Alcalde precisó que el problema actual es el contrabando de combustible desde el extranjero, no el la perforación y ordeña de ductos de combustibles de Pemex en México. Aseguró que las fugas y desabastos por perforación de ductos cesaron gracias a las acciones de AMLO, que eliminaron la corrupción interna en la paraestatal y estabilizaron el suministro en varias regiones.
Sin embargo, datos recientes contradicen esta afirmación, mostrando un incremento en el robo de combustibles. En el primer trimestre de 2025, Pemex detectó 2 mil 444 tomas clandestinas, y de octubre de 2024 a abril de 2025, las pérdidas volumétricas alcanzaron 11 mil 889 millones de pesos, con un alza en barriles robados diarios.
Expertos destacan que el huachicol persiste y se ha sofisticado, con 81 mil 352 tomas clandestinas desde 2018 hasta febrero de 2025. En 2024, el robo promedio fue de 17 mil barriles diarios, un 10.4% más que antes, financiando crimen organizado y generando impunidad pese a decomisos.
En el primer año del sexenio de Claudia Sheinbaum, iniciado en octubre de 2024, el robo de combustibles en ductos de Pemex no solo no disminuyó, sino que ha registrado un incremento significativo. Datos oficiales revelan un alza del 33% en pérdidas económicas por huachicol durante el primer semestre de 2025, alcanzando 7 mil 650 millones de pesos, comparado con el periodo anterior. Esto contradice la narrativa oficial de control sobre el delito.
Las tomas clandestinas detectadas por Pemex superaron las 3 mil en 2025, con un promedio de una perforación ilegal cada 53 minutos en los primeros meses. Estados como Veracruz reportan un aumento del 76% en hallazgos, mientras que Hidalgo, Jalisco y Guanajuato lideran los casos. El crimen organizado ha sofisticado sus operaciones, elevando los riesgos ambientales y de seguridad.
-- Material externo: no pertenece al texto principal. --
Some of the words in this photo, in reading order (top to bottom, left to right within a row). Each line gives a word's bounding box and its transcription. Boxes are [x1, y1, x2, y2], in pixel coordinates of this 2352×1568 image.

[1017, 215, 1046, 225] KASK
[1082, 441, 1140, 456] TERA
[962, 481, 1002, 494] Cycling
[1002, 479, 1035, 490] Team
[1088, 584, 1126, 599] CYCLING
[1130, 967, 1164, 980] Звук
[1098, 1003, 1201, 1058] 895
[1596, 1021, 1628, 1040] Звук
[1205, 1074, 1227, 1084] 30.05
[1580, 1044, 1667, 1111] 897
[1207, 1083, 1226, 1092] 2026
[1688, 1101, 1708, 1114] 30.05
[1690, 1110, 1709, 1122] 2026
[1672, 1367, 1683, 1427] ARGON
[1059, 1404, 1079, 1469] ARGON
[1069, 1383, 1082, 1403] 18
El huachicol fiscal, una variante que implica contrabando y evasión de impuestos, genera pérdidas anuales estimadas en 9 mil millones de dólares para las finanzas mexicanas. En 2025, se detectaron importaciones ilegales de hasta 138 mil barriles diarios de diésel, duplicando cifras previas, con decomisos millonarios pero insuficientes para frenar el flujo.
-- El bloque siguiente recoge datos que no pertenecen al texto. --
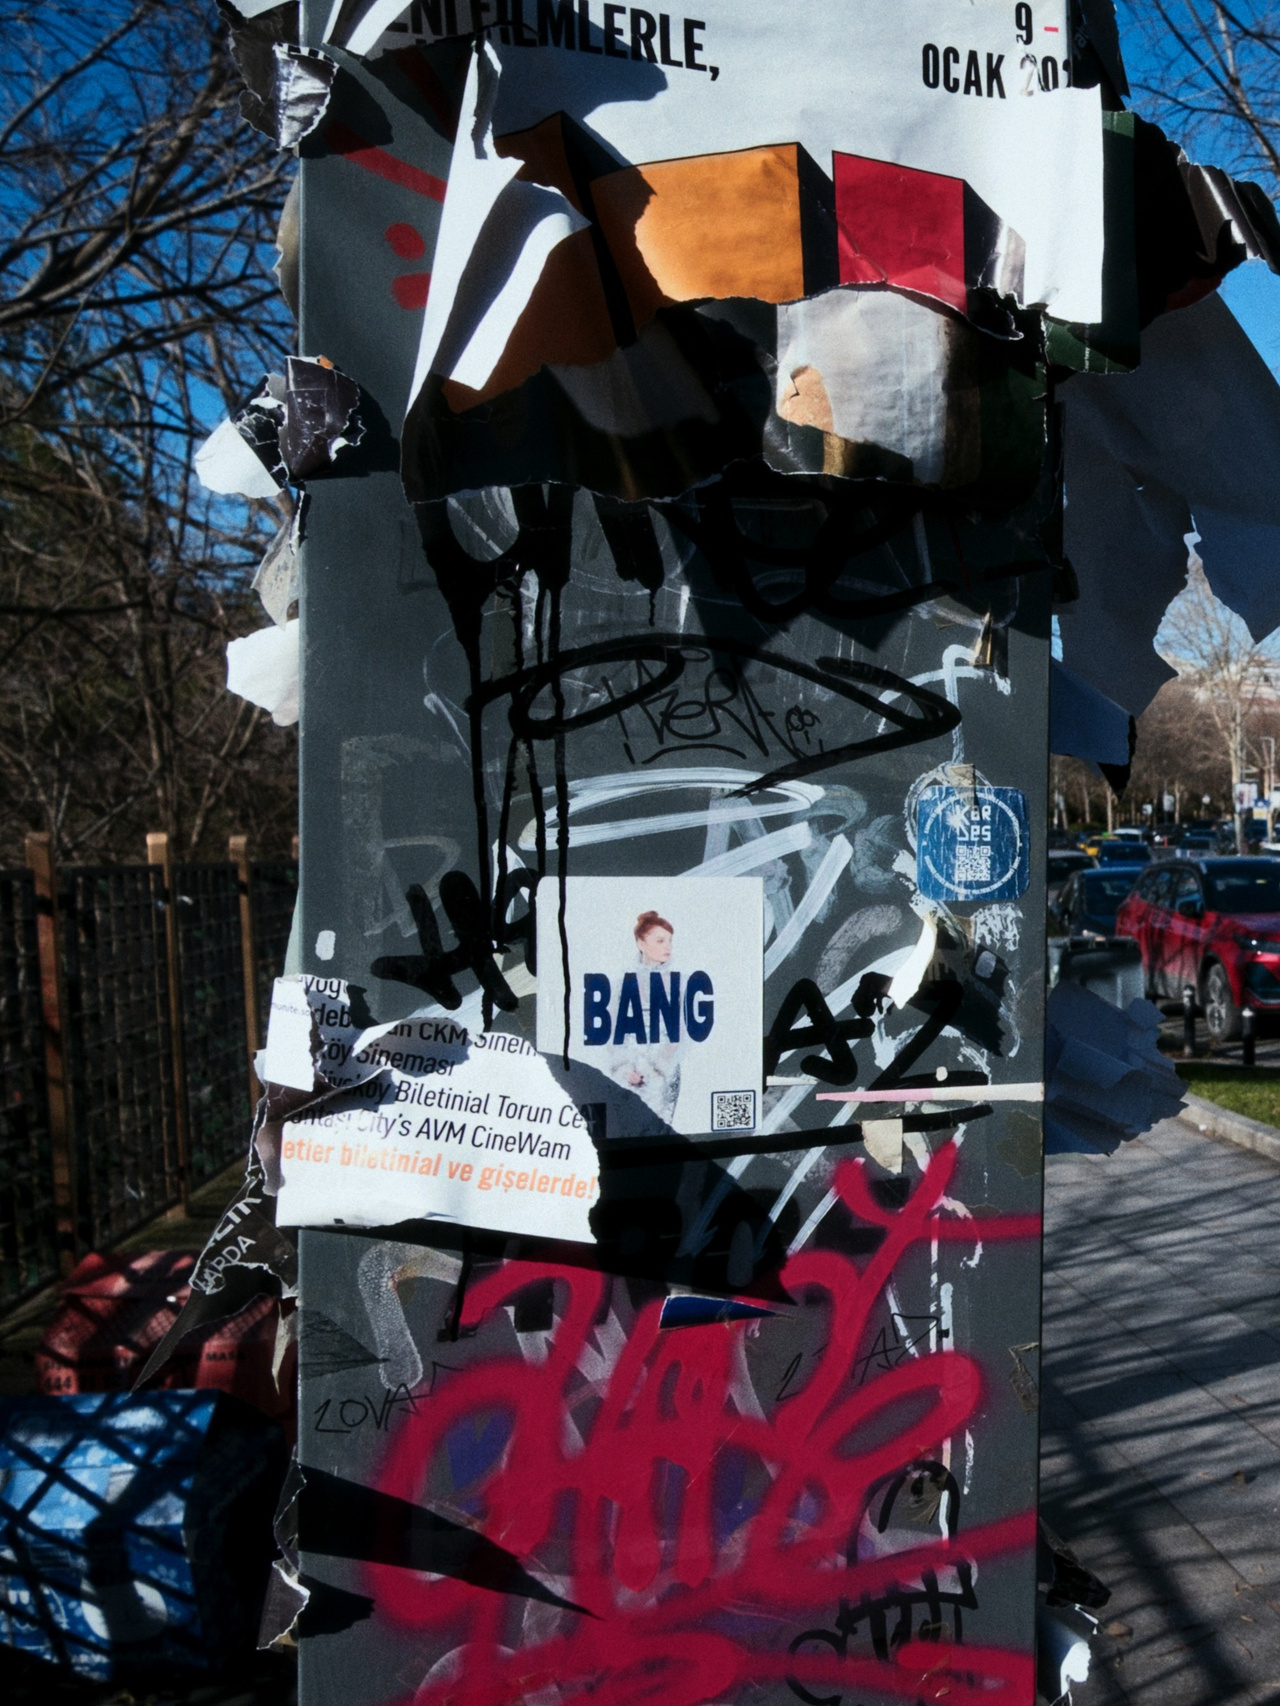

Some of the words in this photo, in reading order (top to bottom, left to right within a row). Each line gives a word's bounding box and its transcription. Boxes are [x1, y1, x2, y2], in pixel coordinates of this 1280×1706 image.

[1015, 2, 1033, 46] 9
[922, 43, 1007, 99] OCAK
[584, 970, 714, 1046] BANG
[419, 1022, 469, 1047] CKM
[394, 1080, 490, 1116] Biletinial
[498, 1094, 553, 1125] Torun
[558, 1104, 588, 1129] Ce
[415, 1117, 467, 1146] AVM
[470, 1124, 572, 1161] CineWam
[339, 1141, 443, 1177] biletinial
[448, 1159, 474, 1182] ve
[476, 1162, 598, 1200] gişelerde!
A pesar de operativos y detenciones anunciados por el gobierno de Sheinbaum, como el decomiso de 15.4 millones de litros en Coahuila, el problema persiste debido a corrupción interna y nexos con cárteles. Expertos advierten que uno de cada tres litros vendidos es ilícito, impactando recursos públicos y financiando violencia, lo que exige reformas integrales más allá de la retórica oficial.